Plugin Voximplant

Name: Plugin Voximplant
Rating: 3.5 (1 reviews)
Author: Bitgrohot

By Bitgrohot 👁 133 views ▲ 0 votes

VoxImplant telephony plugin for OpenClaw — AI voice calls via VoxEngine + OpenAI Realtime API

GitHub

Install

openclaw plugins install ./path/to/openclaw-plugin-voximplant

Configuration Example

{
  "plugins": {
    "allow": ["voximplant"],
    "entries": {
      "voximplant": {
        "enabled": true,
        "config": {
          "apiKey": "your-voximplant-api-key",
          "accountId": "12345678",
          "applicationId": "99887766",
          "scenarioId": "11223344",
          "ruleId": "55667788",
          "callerId": "+74951234567",
          "maxConcurrentCalls": 10,
          "maxDurationSeconds": 300
        }
      }
    }
  }
}

README

# openclaw-plugin-voximplant

VoxImplant telephony plugin for [OpenClaw](https://openclaw.ai) -- AI-powered voice calls via VoxEngine + OpenAI Realtime API.

## Why VoxImplant

VoxImplant is a cloud telephony platform that allows purchasing **Russian phone numbers** (+7) through a fully legal, transparent process -- with proper documentation and business registration. This makes it possible to run OpenClaw AI voice agents on legitimate Russian PSTN numbers, which is not available through most international telephony providers (Twilio, Telnyx, Plivo, etc.).

Key advantages:
- **Russian phone numbers (+7)**: legal purchase with proper KYC/documentation
- **No geo-restrictions**: works from any location, including behind NAT/VPN
- **Sub-second latency**: OpenAI Realtime API with native G.711 mu-law -- no codec conversion
- **No tunnel required**: WS client mode -- the gateway connects to VoxEngine, not the other way around
- **OpenClaw integration**: agent tools, memory, skills -- all available during the call

## Architecture

```
Subscriber (PSTN / SIP)
       |
VoxImplant Cloud (VoxEngine thin bridge scenario)
       |  media_session_access_secure_url (WSS)
       |
OpenClaw Gateway  <--  WS client connects to VoxEngine session
       |
       +--[realtime mode]--> OpenAI Realtime API (gpt-realtime)
       |                     native audio-in / audio-out
       |                     G.711 mu-law 8 kHz
       |
       +--[legacy mode]----> STT -> LLM -> TTS pipeline
                             via OpenClaw runtime APIs
```

**WS client mode**: the gateway connects *to* VoxEngine's session URL. No public URL, no tunnel, no port forwarding required.

## Prerequisites

- [OpenClaw](https://openclaw.ai) >= 2026.4.8
- Node.js >= 18
- VoxImplant account with:
  - An Application
  - A deployed Scenario (use `scenario/voxengine-bridge.js`)
  - A Rule linking the scenario to a phone number
  - An API key (from account settings)
  - A purchased phone number (used as Caller ID)
- OpenAI API key (for Realtime mode)

## Installation

```bash
# From local directory
openclaw plugins install ./path/to/openclaw-plugin-voximplant

# Then restart the gateway
openclaw gateway restart
```

Or place manually in `~/.openclaw/extensions/voximplant/` and run `npm install` inside the directory.
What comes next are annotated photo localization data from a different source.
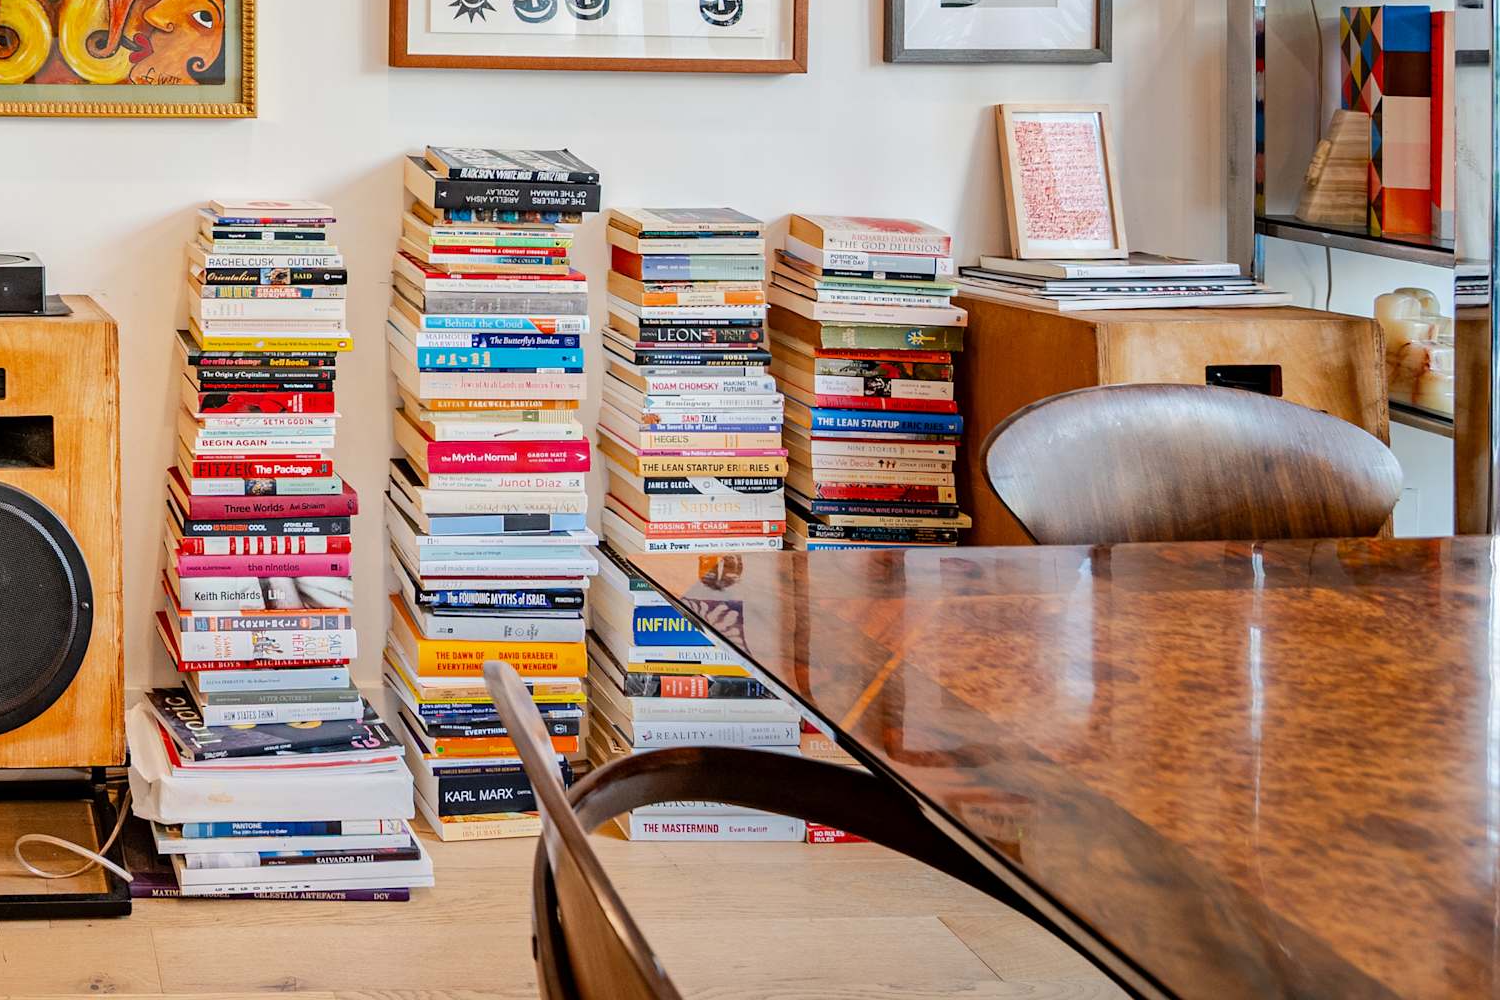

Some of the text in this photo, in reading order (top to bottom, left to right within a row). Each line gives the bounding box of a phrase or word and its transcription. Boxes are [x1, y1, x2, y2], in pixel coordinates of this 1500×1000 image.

[460, 168, 476, 178] BLACK
[494, 170, 517, 180] WHITE
[530, 189, 558, 197] UMMAH
[487, 196, 519, 204] ARIELLA
[839, 240, 941, 252] THE GOD DELUSION
[209, 257, 329, 267] RACHEL CUSK OUTLINE
[207, 270, 313, 282] Orientalism SAID
[445, 318, 523, 328] Behind the Cloud
[657, 328, 702, 341] LEON
[490, 336, 560, 346] The Butterfly's Burden
[215, 371, 233, 379] Origin
[241, 371, 270, 379] Capitalism
[652, 382, 677, 391] NOAM
[679, 382, 718, 391] CHOMSKY
[682, 415, 717, 423] SAND TALK
[817, 416, 944, 431] THE LEAN STARTUP ERIC RIES
[202, 439, 233, 447] BEGIN
[236, 439, 267, 447] AGAIN
[868, 445, 897, 453] STORIES
[452, 453, 477, 464] Myth
[484, 453, 518, 462] Normal
[817, 458, 875, 468] How We Decide
[199, 462, 313, 476] FITZEK The Package
[642, 463, 770, 472] THE LEAN STARTUP RIES
[498, 478, 531, 488] Junot
[647, 481, 669, 489] JAMES
[224, 504, 251, 513] Three
[253, 503, 284, 512] Worlds
[680, 498, 741, 515] Sapiens
[193, 524, 213, 532] GOOD
[248, 524, 267, 532] COOL
[649, 522, 728, 530] CROSSING THE CHASM
[649, 542, 668, 551] Black
[670, 542, 690, 550] Power
[248, 564, 300, 572] the nineties
[194, 590, 218, 601] Keith
[220, 590, 261, 601] Richards
[447, 592, 458, 604] The
[459, 592, 490, 605] FOUNDING
[490, 592, 518, 605] MYTHS
[518, 592, 525, 604] of
[526, 593, 547, 605] ISRAEL
[232, 618, 298, 629] BASKETBALL
[636, 617, 698, 633] INFINIT
[436, 652, 554, 660] THE DAWN OF DAVID GRAEBER
[185, 662, 215, 671] FLASH
[218, 661, 241, 669] BOYS
[256, 659, 299, 667] MICHAEL
[522, 663, 558, 671] WENGROW
[223, 712, 236, 721] HOW
[258, 710, 274, 719] THINK
[464, 727, 508, 736] EVERYTHING
[444, 789, 514, 803] KARL MARX
[232, 822, 262, 830] PANTONE
[643, 823, 660, 833] THE
[662, 823, 719, 833] MASTERMIND
[729, 825, 746, 833] Evan
[316, 856, 355, 864] SALVADOR
[300, 891, 346, 899] ARTEFACTS
## VoxImplant Dashboard Setup

### 1. Create an Application

In the [VoxImplant dashboard](https://manage.voximplant.com/), go to **Applications** and create a new application (e.g. `openclaw-voice`).

### 2. Deploy the Bridge Scenario

Go to **Scenarios** within your application. Create a new scenario and paste the full contents of [`scenario/voxengine-bridge.js`](scenario/voxengine-bridge.js).

This is a thin bridge -- it does NOT contain any AI logic. It:
- Allows incoming WebSocket connections from the gateway
- Dials the target PSTN number
- Binds duplex mu-law audio between the WebSocket and the phone call

### 3. Create a Rule

Go to **Routing** within your application. Create a new rule that links your scenario to your phone number pattern. Note the **Rule ID** -- you'll need it for config.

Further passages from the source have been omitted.